You don't watch a movie starring Sylvester Stallone, or Arnold Schwarzenegger, and expect logic and common sense to be the top priorities. I get that, I really do. But Escape Plan, which stars both men in lead roles, is even sillier and full of plot holes than it needs to be. It's so careless that the enjoyment factor is slightly ruined.

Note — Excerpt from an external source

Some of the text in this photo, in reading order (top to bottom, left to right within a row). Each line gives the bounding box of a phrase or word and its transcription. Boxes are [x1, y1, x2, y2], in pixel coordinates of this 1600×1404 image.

Stallone plays Ray Breslin, a man who can escape from pretty much any prison that's been designed. He's so good at it that he's made it his job. He gets incarcerated, under a false identity. He gets out. The prison gets a report that details the weaknesses in their security. When he's offered a bumper fee, Ray allows himself to be grabbed and thrown into another prison. This time, however, things are even tougher than usual. His colleagues have no idea where he is, the prison warden (Jim Caviezel) knows of his reputation and wants to make sure that he doesn't leave, and the prison is full of transparent cells, making for a much tougher challenge. The only plus point comes in the unlikely form of a prisoner named Rottmayer (Schwarzenegger).

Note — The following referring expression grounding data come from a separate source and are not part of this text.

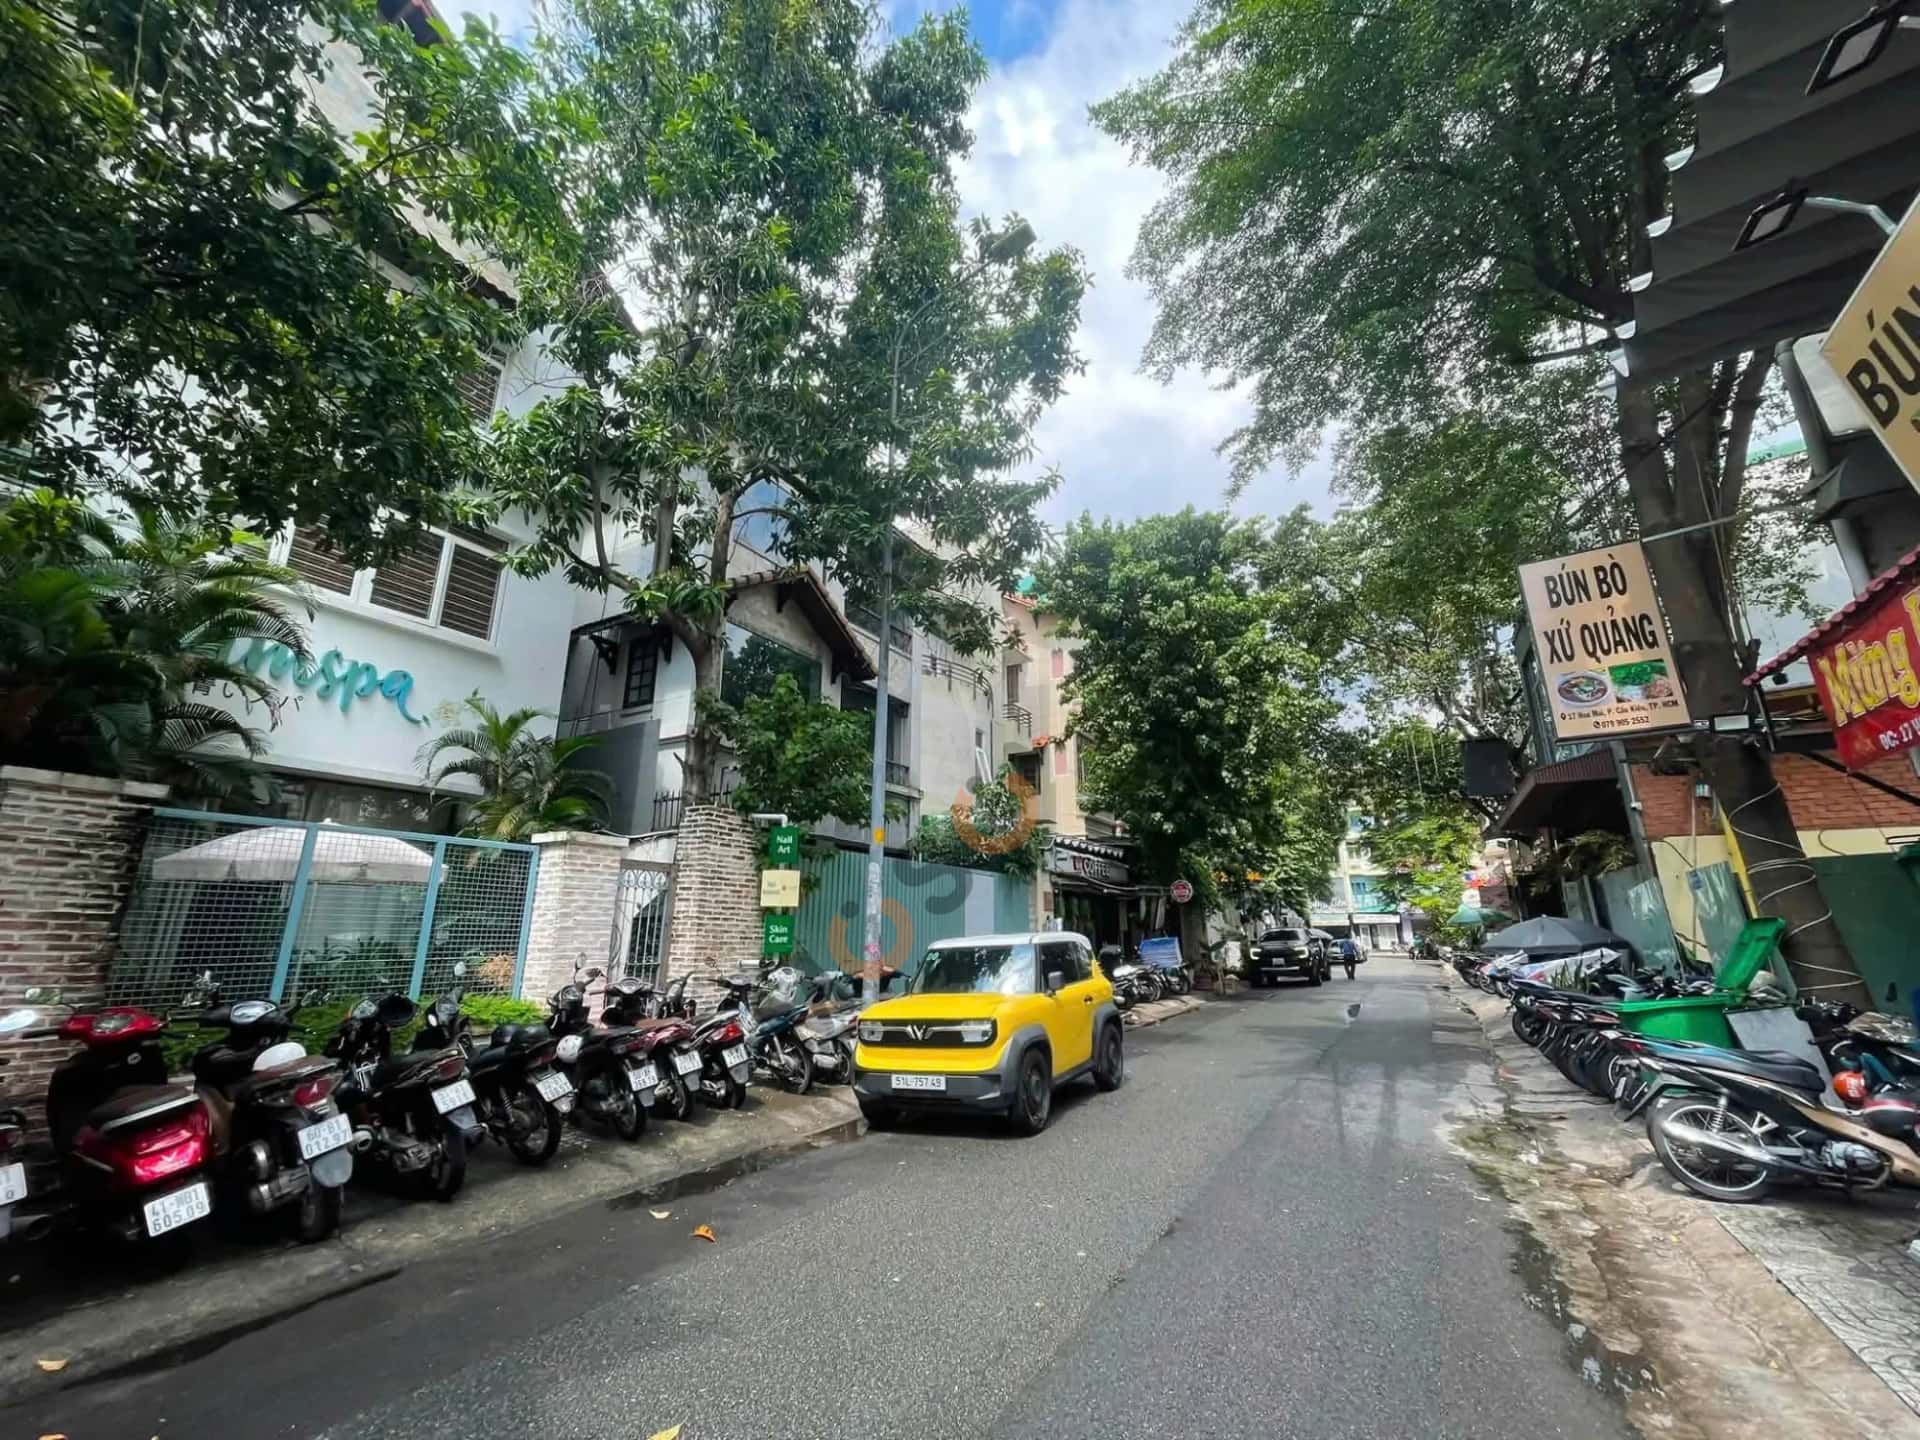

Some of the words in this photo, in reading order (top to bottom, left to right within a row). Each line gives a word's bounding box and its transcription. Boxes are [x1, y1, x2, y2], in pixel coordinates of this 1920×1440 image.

[1544, 563, 1592, 608] BÚN
[1594, 554, 1628, 599] BÒ
[1544, 617, 1575, 664] XỨ
[1580, 605, 1660, 664] QUẢNG
[776, 835, 793, 844] Nail
[777, 845, 791, 854] Art
[769, 925, 788, 934] Skin
[768, 935, 788, 944] Care

Directed by Mikael Hafstrom, and written by Miles Chapman and Jason Keller, this is a film that really could have had anyone behind the camera. There doesn't seem to be any individual style stamped on the thing. That's fine, however, because everything is geared towards getting Sly and Arnie working together onscreen, and that is often enough to carry the whole thing along. Yes, the two worked together on The Expendables movies, but this time around they get to do more than reel off one-liners and cash in on nostalgia.

Both of the leading men are great. They've still got it when it comes to delivering the action. I've never been a fan of Jim Caviezel - I can't think of a leading man with less charisma in the past couple of decades (well, maybe Edward Burns, but that's it) - and, while he does slightly better than usual here, this is another performance that hasn't converted me. It's a part that's crying out for Eric Roberts, of course, and Caviezel sure as hell ain't no Roberts. Faran Tahir does just fine with his part, another prisoner who ends up being important to the grand plan, and Sam Neill is great as the prison doctor, a man who tries to do his job without thinking of the bigger picture. Vincent D'onofrio, Amy Ryan and Curtis "50 Cent" Jackson also do well as Sly's colleagues.

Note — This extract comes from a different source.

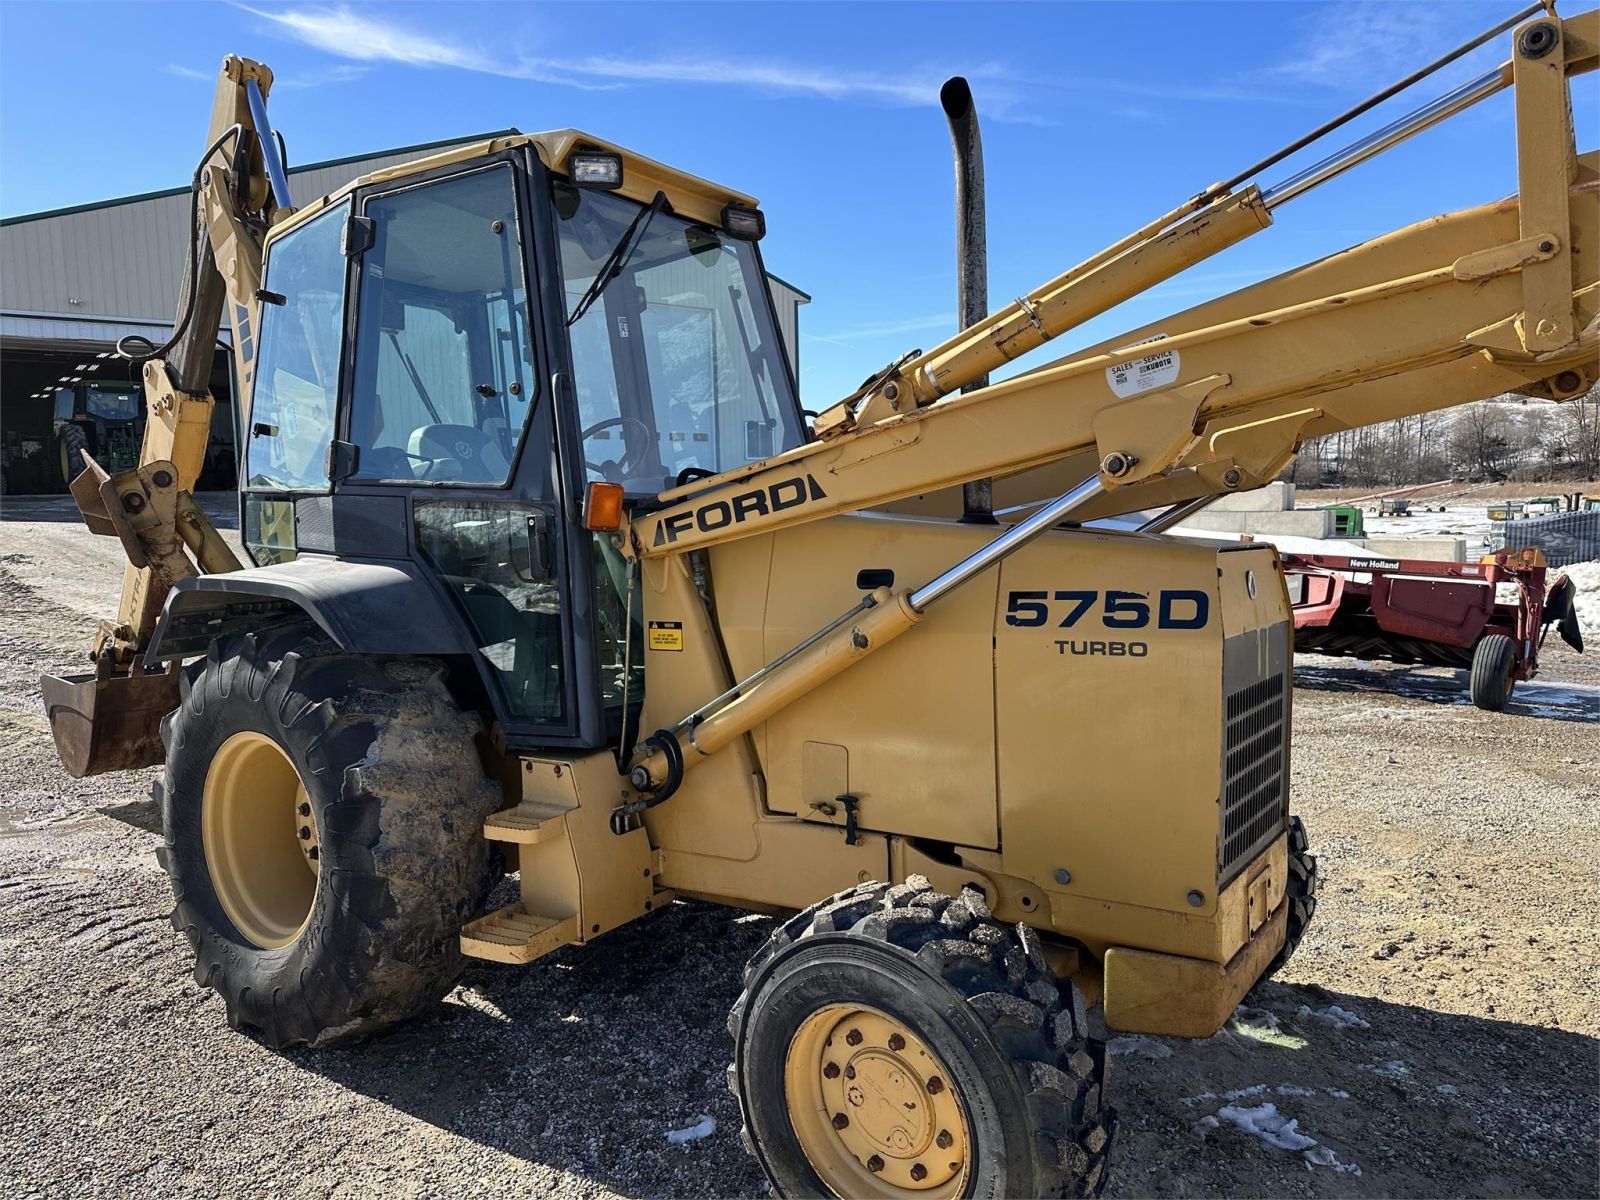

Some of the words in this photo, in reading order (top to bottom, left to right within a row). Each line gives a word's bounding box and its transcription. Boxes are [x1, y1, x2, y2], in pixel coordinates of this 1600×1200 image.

Escape Plan is entertaining. It doesn't require too much concentration, the cast have fun and you will root for Sly to win the day. It's a shame, then, that everything wasn't just tightened up ever so slightly. The details revealed to viewers that are supposed to make you think "aaahhhhhhhhh, very smart" just end up highlighting the fact that it all hinges on good fortune and other characters being blind, stupid, or both. The fact that there isn't even one great set-piece is another disappointment.

You'll be able to watch and enjoy this movie, but I don't think it's one that will end up being revisited all that much. Disposable fun, boosted by the charismatic leads.